Segment Start: RECORDS FOR THE TASK

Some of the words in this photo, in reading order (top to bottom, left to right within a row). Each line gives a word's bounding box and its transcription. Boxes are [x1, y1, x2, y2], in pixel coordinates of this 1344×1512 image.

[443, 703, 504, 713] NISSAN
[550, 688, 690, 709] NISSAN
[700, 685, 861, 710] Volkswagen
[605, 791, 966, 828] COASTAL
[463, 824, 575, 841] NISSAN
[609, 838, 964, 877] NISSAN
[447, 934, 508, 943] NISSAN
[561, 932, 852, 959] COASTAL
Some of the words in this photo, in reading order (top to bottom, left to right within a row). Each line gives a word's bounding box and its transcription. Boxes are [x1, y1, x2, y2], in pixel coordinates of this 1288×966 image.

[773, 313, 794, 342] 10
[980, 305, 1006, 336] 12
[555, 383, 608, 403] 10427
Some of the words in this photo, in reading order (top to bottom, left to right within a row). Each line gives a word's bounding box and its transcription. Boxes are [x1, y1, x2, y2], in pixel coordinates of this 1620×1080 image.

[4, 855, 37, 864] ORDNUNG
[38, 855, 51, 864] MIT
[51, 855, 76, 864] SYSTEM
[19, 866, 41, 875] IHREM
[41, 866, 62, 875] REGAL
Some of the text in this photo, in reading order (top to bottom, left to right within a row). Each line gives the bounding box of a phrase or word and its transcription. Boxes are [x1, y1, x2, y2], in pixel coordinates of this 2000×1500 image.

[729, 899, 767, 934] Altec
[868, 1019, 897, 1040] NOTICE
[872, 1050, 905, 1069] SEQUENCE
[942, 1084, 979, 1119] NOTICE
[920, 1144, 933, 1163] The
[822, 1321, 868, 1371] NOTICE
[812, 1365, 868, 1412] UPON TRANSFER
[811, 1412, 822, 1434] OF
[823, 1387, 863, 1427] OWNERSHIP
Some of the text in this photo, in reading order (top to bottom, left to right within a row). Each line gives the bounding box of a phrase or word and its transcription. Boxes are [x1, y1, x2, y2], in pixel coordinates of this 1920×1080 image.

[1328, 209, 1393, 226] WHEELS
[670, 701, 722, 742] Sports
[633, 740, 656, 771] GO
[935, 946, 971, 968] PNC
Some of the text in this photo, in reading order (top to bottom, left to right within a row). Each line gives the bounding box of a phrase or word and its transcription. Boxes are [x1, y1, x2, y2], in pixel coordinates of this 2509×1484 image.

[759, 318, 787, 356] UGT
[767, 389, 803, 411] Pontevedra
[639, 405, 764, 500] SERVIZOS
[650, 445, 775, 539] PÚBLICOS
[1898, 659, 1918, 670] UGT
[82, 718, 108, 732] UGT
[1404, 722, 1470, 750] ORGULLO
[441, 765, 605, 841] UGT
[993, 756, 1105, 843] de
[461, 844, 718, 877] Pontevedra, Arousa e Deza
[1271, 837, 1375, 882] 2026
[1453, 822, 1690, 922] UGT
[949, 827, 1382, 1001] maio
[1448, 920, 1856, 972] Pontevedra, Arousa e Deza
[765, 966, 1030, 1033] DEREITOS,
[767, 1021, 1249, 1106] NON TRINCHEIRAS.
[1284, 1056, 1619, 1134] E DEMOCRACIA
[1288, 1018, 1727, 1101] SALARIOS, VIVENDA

Segment End: RECORDS FOR THE TASK

* **TASK DETAILS**
All of the records above should be repeated exactly.

* **RESPONSE AREA**
Some of the words in this photo, in reading order (top to bottom, left to right within a row). Each line gives a word's bounding box and its transcription. Boxes are [x1, y1, x2, y2], in pixel coordinates of this 1344×1512 image.

[443, 703, 504, 713] NISSAN
[550, 688, 690, 709] NISSAN
[700, 685, 861, 710] Volkswagen
[605, 791, 966, 828] COASTAL
[463, 824, 575, 841] NISSAN
[609, 838, 964, 877] NISSAN
[447, 934, 508, 943] NISSAN
[561, 932, 852, 959] COASTAL
Some of the words in this photo, in reading order (top to bottom, left to right within a row). Each line gives a word's bounding box and its transcription. Boxes are [x1, y1, x2, y2], in pixel coordinates of this 1288×966 image.

[773, 313, 794, 342] 10
[980, 305, 1006, 336] 12
[555, 383, 608, 403] 10427
Some of the words in this photo, in reading order (top to bottom, left to right within a row). Each line gives a word's bounding box and its transcription. Boxes are [x1, y1, x2, y2], in pixel coordinates of this 1620×1080 image.

[4, 855, 37, 864] ORDNUNG
[38, 855, 51, 864] MIT
[51, 855, 76, 864] SYSTEM
[19, 866, 41, 875] IHREM
[41, 866, 62, 875] REGAL
Some of the text in this photo, in reading order (top to bottom, left to right within a row). Each line gives the bounding box of a phrase or word and its transcription. Boxes are [x1, y1, x2, y2], in pixel coordinates of this 2000×1500 image.

[729, 899, 767, 934] Altec
[868, 1019, 897, 1040] NOTICE
[872, 1050, 905, 1069] SEQUENCE
[942, 1084, 979, 1119] NOTICE
[920, 1144, 933, 1163] The
[822, 1321, 868, 1371] NOTICE
[812, 1365, 868, 1412] UPON TRANSFER
[811, 1412, 822, 1434] OF
[823, 1387, 863, 1427] OWNERSHIP
Some of the text in this photo, in reading order (top to bottom, left to right within a row). Each line gives the bounding box of a phrase or word and its transcription. Boxes are [x1, y1, x2, y2], in pixel coordinates of this 1920×1080 image.

[1328, 209, 1393, 226] WHEELS
[670, 701, 722, 742] Sports
[633, 740, 656, 771] GO
[935, 946, 971, 968] PNC
Some of the text in this photo, in reading order (top to bottom, left to right within a row). Each line gives the bounding box of a phrase or word and its transcription. Boxes are [x1, y1, x2, y2], in pixel coordinates of this 2509×1484 image.

[759, 318, 787, 356] UGT
[767, 389, 803, 411] Pontevedra
[639, 405, 764, 500] SERVIZOS
[650, 445, 775, 539] PÚBLICOS
[1898, 659, 1918, 670] UGT
[82, 718, 108, 732] UGT
[1404, 722, 1470, 750] ORGULLO
[441, 765, 605, 841] UGT
[993, 756, 1105, 843] de
[461, 844, 718, 877] Pontevedra, Arousa e Deza
[1271, 837, 1375, 882] 2026
[1453, 822, 1690, 922] UGT
[949, 827, 1382, 1001] maio
[1448, 920, 1856, 972] Pontevedra, Arousa e Deza
[765, 966, 1030, 1033] DEREITOS,
[767, 1021, 1249, 1106] NON TRINCHEIRAS.
[1284, 1056, 1619, 1134] E DEMOCRACIA
[1288, 1018, 1727, 1101] SALARIOS, VIVENDA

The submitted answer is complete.